[[ TASK INPUTS, beginning ]]
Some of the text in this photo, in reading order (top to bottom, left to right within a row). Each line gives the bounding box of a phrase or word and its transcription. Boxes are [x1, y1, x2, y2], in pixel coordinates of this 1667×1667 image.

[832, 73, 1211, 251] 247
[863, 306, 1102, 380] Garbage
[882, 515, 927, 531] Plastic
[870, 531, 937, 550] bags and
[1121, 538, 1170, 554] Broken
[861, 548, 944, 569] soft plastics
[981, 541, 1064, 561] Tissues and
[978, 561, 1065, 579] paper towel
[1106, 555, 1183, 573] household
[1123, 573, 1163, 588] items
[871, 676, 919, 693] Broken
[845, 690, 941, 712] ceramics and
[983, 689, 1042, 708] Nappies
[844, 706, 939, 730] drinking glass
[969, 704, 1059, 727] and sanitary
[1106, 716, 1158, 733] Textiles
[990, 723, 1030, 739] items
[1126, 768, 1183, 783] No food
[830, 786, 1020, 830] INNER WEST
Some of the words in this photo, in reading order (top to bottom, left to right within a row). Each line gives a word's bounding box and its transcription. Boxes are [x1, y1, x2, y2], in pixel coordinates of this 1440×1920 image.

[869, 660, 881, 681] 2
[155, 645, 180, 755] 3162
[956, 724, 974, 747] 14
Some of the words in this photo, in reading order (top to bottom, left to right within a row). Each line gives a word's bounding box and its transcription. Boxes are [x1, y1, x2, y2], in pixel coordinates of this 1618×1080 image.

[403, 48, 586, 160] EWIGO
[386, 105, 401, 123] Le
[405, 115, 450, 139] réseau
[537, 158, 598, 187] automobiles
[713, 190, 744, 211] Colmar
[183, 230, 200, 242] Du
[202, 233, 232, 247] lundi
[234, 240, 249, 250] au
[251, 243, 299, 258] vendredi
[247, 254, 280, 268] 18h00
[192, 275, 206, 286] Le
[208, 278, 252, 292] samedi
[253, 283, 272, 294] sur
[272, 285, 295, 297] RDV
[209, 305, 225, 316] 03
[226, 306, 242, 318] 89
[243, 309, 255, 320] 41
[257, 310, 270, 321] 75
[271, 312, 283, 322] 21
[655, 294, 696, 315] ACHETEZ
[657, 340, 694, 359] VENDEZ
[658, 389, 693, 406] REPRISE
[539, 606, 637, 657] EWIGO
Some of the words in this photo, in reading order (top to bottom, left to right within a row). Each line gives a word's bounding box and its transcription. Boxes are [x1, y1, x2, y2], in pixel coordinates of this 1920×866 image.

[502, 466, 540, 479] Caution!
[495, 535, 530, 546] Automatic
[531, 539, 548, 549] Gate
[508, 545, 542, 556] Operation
[[ TASK INPUTS, end ]]
WORK TASK
Print all of the data exactly as it was given.

ANSWER SECTION
Some of the text in this photo, in reading order (top to bottom, left to right within a row). Each line gives the bounding box of a phrase or word and its transcription. Boxes are [x1, y1, x2, y2], in pixel coordinates of this 1667×1667 image.

[832, 73, 1211, 251] 247
[863, 306, 1102, 380] Garbage
[882, 515, 927, 531] Plastic
[870, 531, 937, 550] bags and
[1121, 538, 1170, 554] Broken
[861, 548, 944, 569] soft plastics
[981, 541, 1064, 561] Tissues and
[978, 561, 1065, 579] paper towel
[1106, 555, 1183, 573] household
[1123, 573, 1163, 588] items
[871, 676, 919, 693] Broken
[845, 690, 941, 712] ceramics and
[983, 689, 1042, 708] Nappies
[844, 706, 939, 730] drinking glass
[969, 704, 1059, 727] and sanitary
[1106, 716, 1158, 733] Textiles
[990, 723, 1030, 739] items
[1126, 768, 1183, 783] No food
[830, 786, 1020, 830] INNER WEST
Some of the words in this photo, in reading order (top to bottom, left to right within a row). Each line gives a word's bounding box and its transcription. Boxes are [x1, y1, x2, y2], in pixel coordinates of this 1440×1920 image.

[869, 660, 881, 681] 2
[155, 645, 180, 755] 3162
[956, 724, 974, 747] 14
Some of the words in this photo, in reading order (top to bottom, left to right within a row). Each line gives a word's bounding box and its transcription. Boxes are [x1, y1, x2, y2], in pixel coordinates of this 1618×1080 image.

[403, 48, 586, 160] EWIGO
[386, 105, 401, 123] Le
[405, 115, 450, 139] réseau
[537, 158, 598, 187] automobiles
[713, 190, 744, 211] Colmar
[183, 230, 200, 242] Du
[202, 233, 232, 247] lundi
[234, 240, 249, 250] au
[251, 243, 299, 258] vendredi
[247, 254, 280, 268] 18h00
[192, 275, 206, 286] Le
[208, 278, 252, 292] samedi
[253, 283, 272, 294] sur
[272, 285, 295, 297] RDV
[209, 305, 225, 316] 03
[226, 306, 242, 318] 89
[243, 309, 255, 320] 41
[257, 310, 270, 321] 75
[271, 312, 283, 322] 21
[655, 294, 696, 315] ACHETEZ
[657, 340, 694, 359] VENDEZ
[658, 389, 693, 406] REPRISE
[539, 606, 637, 657] EWIGO
Some of the words in this photo, in reading order (top to bottom, left to right within a row). Each line gives a word's bounding box and its transcription. Boxes are [x1, y1, x2, y2], in pixel coordinates of this 1920×866 image.

[502, 466, 540, 479] Caution!
[495, 535, 530, 546] Automatic
[531, 539, 548, 549] Gate
[508, 545, 542, 556] Operation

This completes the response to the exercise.